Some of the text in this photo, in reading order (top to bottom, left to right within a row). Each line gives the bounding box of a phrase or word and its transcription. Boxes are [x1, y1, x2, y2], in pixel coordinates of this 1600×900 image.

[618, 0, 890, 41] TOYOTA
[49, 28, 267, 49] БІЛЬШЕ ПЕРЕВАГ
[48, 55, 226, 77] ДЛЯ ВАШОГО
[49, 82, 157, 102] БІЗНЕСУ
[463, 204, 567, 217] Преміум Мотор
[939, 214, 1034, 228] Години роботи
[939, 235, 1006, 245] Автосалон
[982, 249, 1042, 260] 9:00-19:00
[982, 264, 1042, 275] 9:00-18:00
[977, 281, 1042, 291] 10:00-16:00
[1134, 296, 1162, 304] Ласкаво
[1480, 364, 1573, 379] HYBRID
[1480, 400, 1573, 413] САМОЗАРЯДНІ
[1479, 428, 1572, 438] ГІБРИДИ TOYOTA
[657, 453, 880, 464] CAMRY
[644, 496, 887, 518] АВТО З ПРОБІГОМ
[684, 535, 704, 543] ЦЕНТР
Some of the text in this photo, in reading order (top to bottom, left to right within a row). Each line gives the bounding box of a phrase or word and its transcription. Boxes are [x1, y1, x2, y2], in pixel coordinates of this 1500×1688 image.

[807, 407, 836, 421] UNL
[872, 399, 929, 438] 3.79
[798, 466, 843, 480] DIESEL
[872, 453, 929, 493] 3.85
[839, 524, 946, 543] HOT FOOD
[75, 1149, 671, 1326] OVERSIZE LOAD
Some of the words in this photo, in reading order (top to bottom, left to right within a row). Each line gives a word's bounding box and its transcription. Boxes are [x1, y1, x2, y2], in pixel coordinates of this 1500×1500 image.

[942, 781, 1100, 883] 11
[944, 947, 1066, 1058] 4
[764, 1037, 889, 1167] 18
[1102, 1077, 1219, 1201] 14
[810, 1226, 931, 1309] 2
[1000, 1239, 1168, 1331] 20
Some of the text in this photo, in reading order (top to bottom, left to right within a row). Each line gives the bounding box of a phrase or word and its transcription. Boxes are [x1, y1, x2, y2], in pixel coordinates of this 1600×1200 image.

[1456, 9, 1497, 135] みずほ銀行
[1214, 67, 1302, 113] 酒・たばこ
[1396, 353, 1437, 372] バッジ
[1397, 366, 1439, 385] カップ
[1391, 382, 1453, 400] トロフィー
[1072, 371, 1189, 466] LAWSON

◆ **EXERCISE BRIEF**
Write out an exact transcription of the line with "this 1600×1200 image." and of each line after it; stop at the end of the records.

◆ **SOLUTION TO THIS TASK**
Some of the text in this photo, in reading order (top to bottom, left to right within a row). Each line gives the bounding box of a phrase or word and its transcription. Boxes are [x1, y1, x2, y2], in pixel coordinates of this 1600×1200 image.

[1456, 9, 1497, 135] みずほ銀行
[1214, 67, 1302, 113] 酒・たばこ
[1396, 353, 1437, 372] バッジ
[1397, 366, 1439, 385] カップ
[1391, 382, 1453, 400] トロフィー
[1072, 371, 1189, 466] LAWSON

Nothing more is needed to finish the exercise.